IMPATIENCE
Do you ever feel like you are just stuck? Things aren't going the way you had hoped they would? Whether it be dating, the weather, the job, the weight loss/shape up..... I feel this way quite often. And when it comes to dating.... I get impatient. I'm tired of wasting time with men who really shouldn't be on a dating site, or interested because they aren't done dealing with their own baggage in their life to even think about having anything to do with yours! If you have been following my blog, you will know that there is a man up north who I have said still has a piece of my heart. I had hoped maybe someday we would be together. This morning I had many texts with him, and I again, thought.... what the hell am I doing??? Here is a man who has been interested in me for many years, who is finally getting out a miserable situation. Yes, he was married. And No I'm not happy with myself for falling for a married man. You would have to know the entire story, though. I am not trying to justify his or my behavior. This marriage was over a long time ago, before I came into the picture. I didn't break up any happy home, that's for sure. They did that all on their own.
In the midst of these texts today, it hit me like a ton of bricks. I am trying to fix another situation, that I have no control over. It's not mine to repair. I am just being the friend for now, and yes, I told him I love him, but probably not in the way he thought. I'm not saying that we couldn't have a good life in the future. I believe we could, HOWEVER he needs to deal with his past. If not it is going to destroy his future. I've already spent almost 5 years with someone else, and he couldn't let go, and move on. I'm way too old to play this game.

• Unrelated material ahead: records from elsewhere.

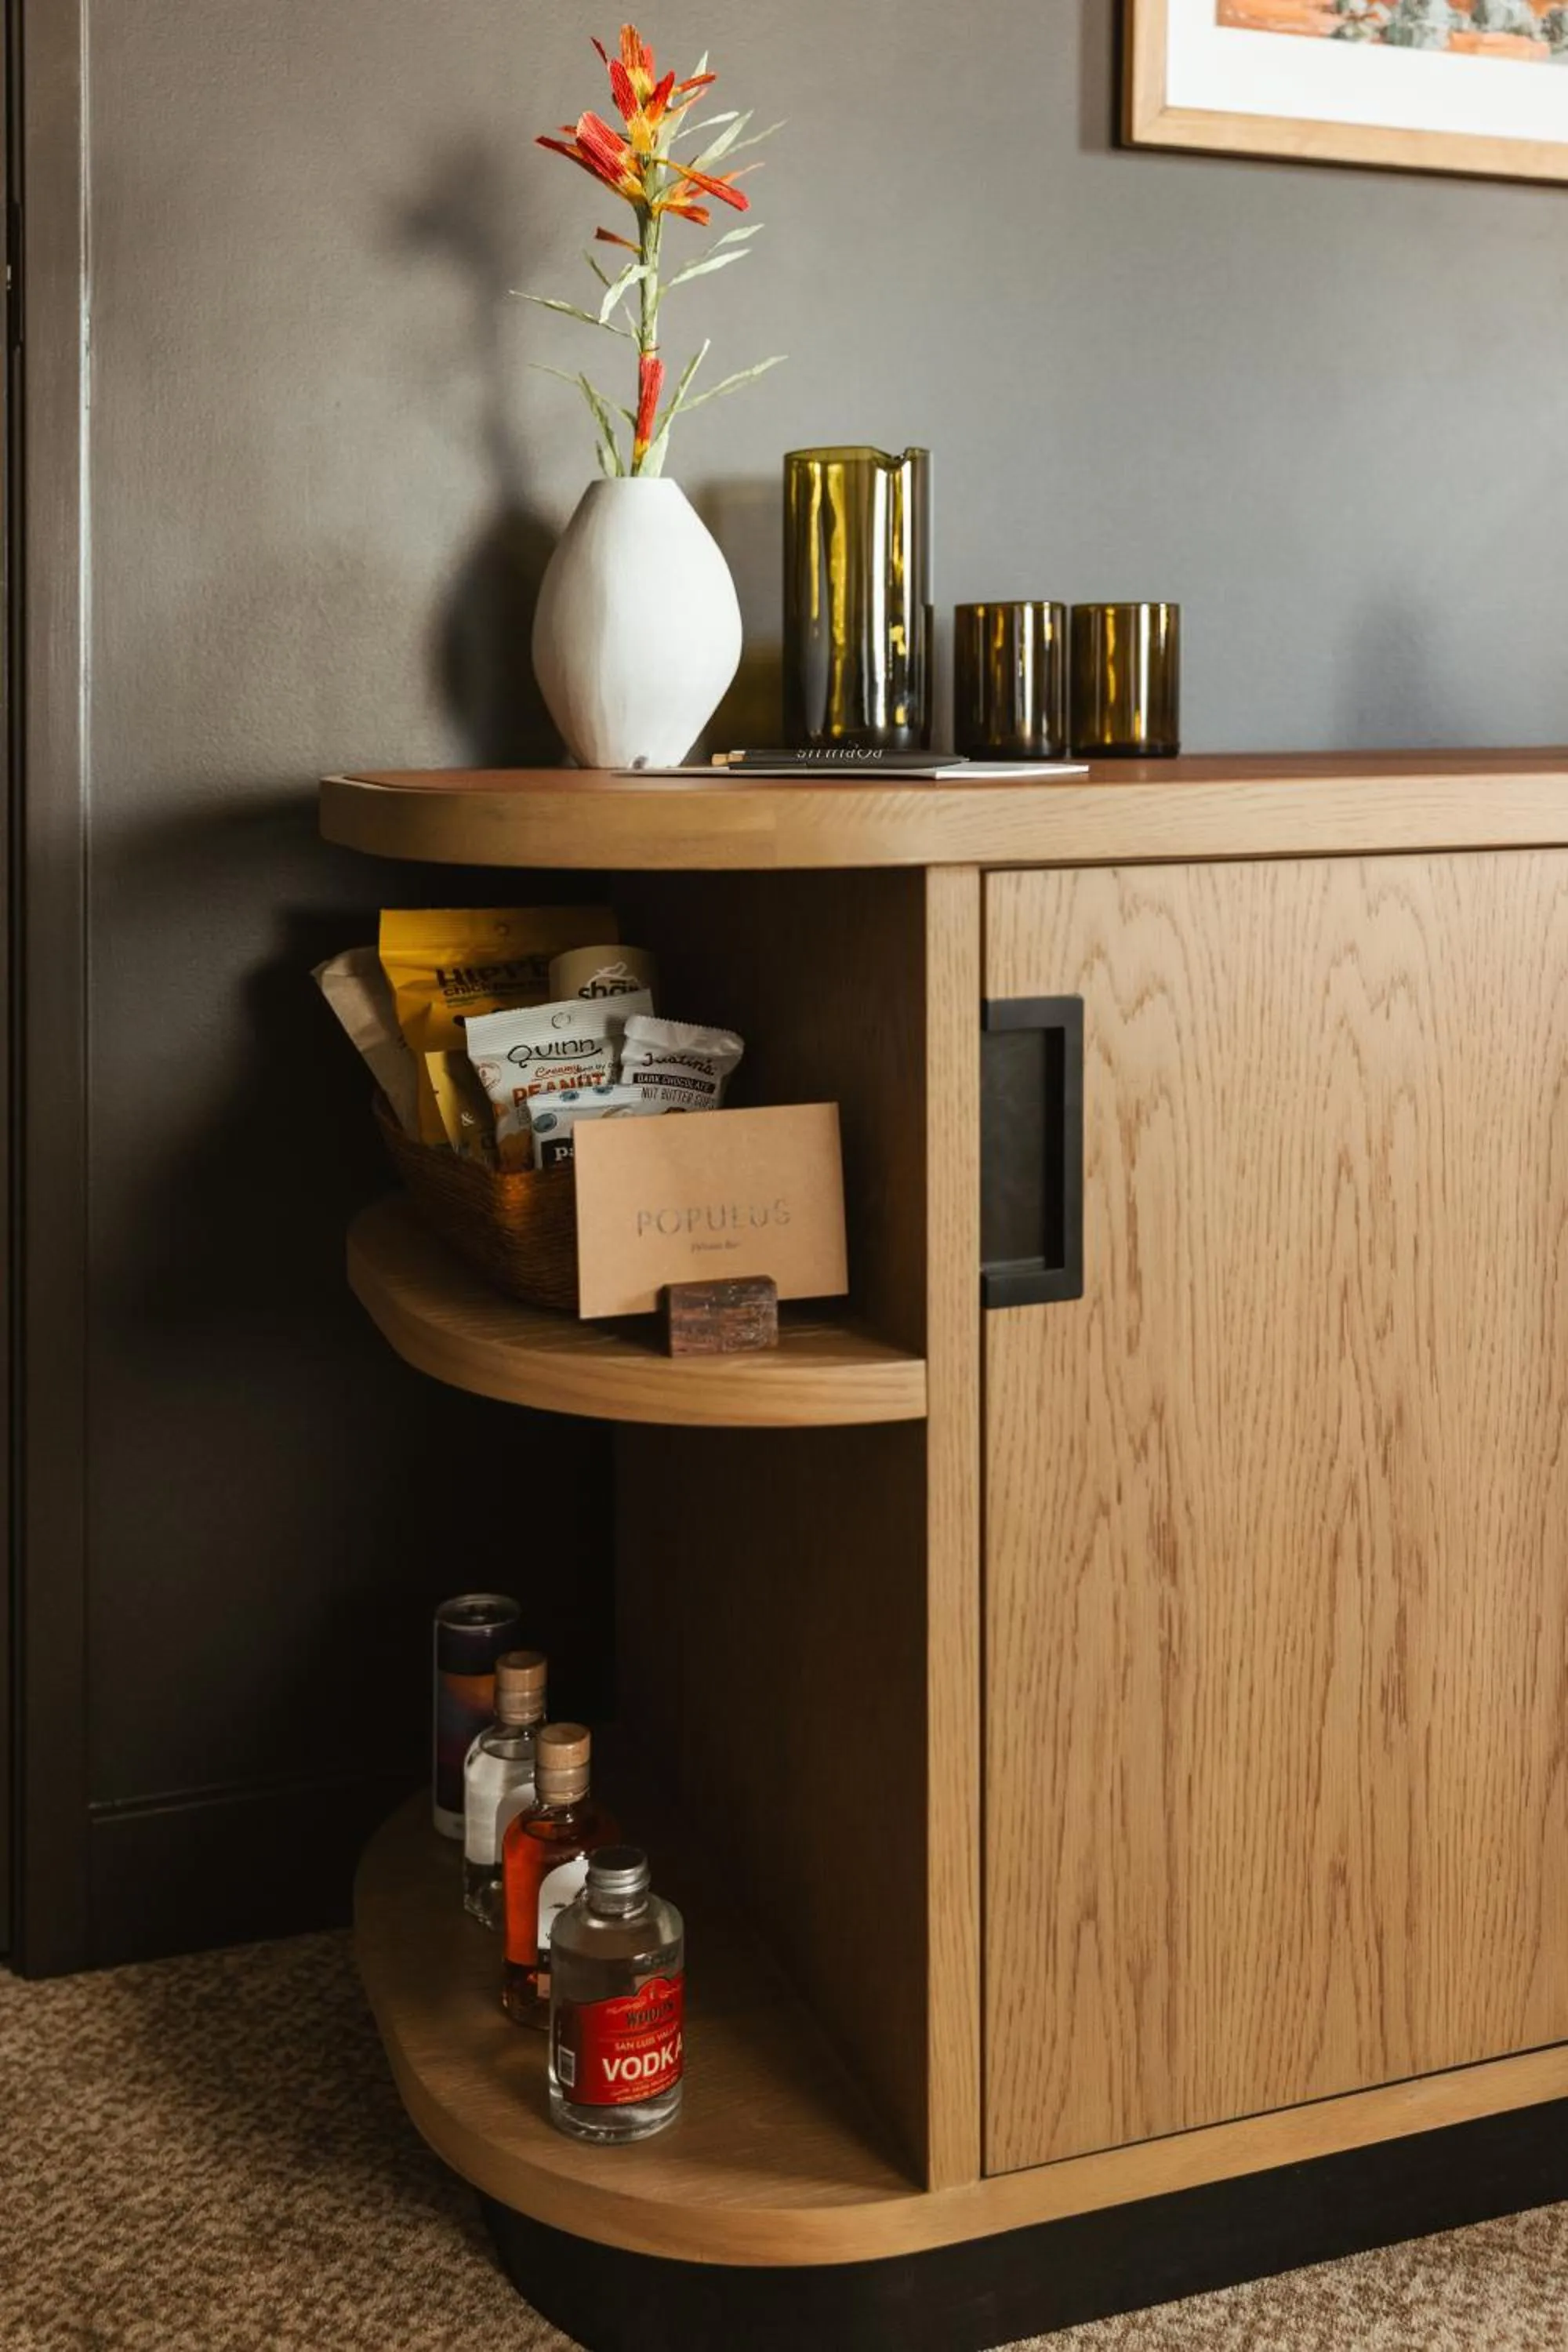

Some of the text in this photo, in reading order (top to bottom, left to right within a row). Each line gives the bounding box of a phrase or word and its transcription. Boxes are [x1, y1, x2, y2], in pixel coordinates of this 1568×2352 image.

[512, 1072, 606, 1108] PEANUT
[637, 1072, 714, 1093] DARK CHOCOLATE
[641, 1087, 659, 1099] NUT
[661, 1087, 694, 1105] BUTTER
[637, 1198, 792, 1237] POPULUS
[601, 2032, 683, 2082] VODKA

I continue to date others, and that's all it is. Dates. Mr Italian really wants more than that, and I am so attracted to him, but I am only fooling myself. He isn't sure he wants a relationship. I told him he wants an escape from reality. He has guilt also, and tragedy. I can't get that close to him either. I plan to see him this weekend, I haven't seen him in weeks. He's begging to see me. I know he would like way more than kisses.... but if I open that door, for anything more, then it becomes emotional. I think it isn't the same for men, as a woman it does something to you, where you think way too much. As much as I would like to have sex again and yes he would be an ideal solution.... I can't get that close.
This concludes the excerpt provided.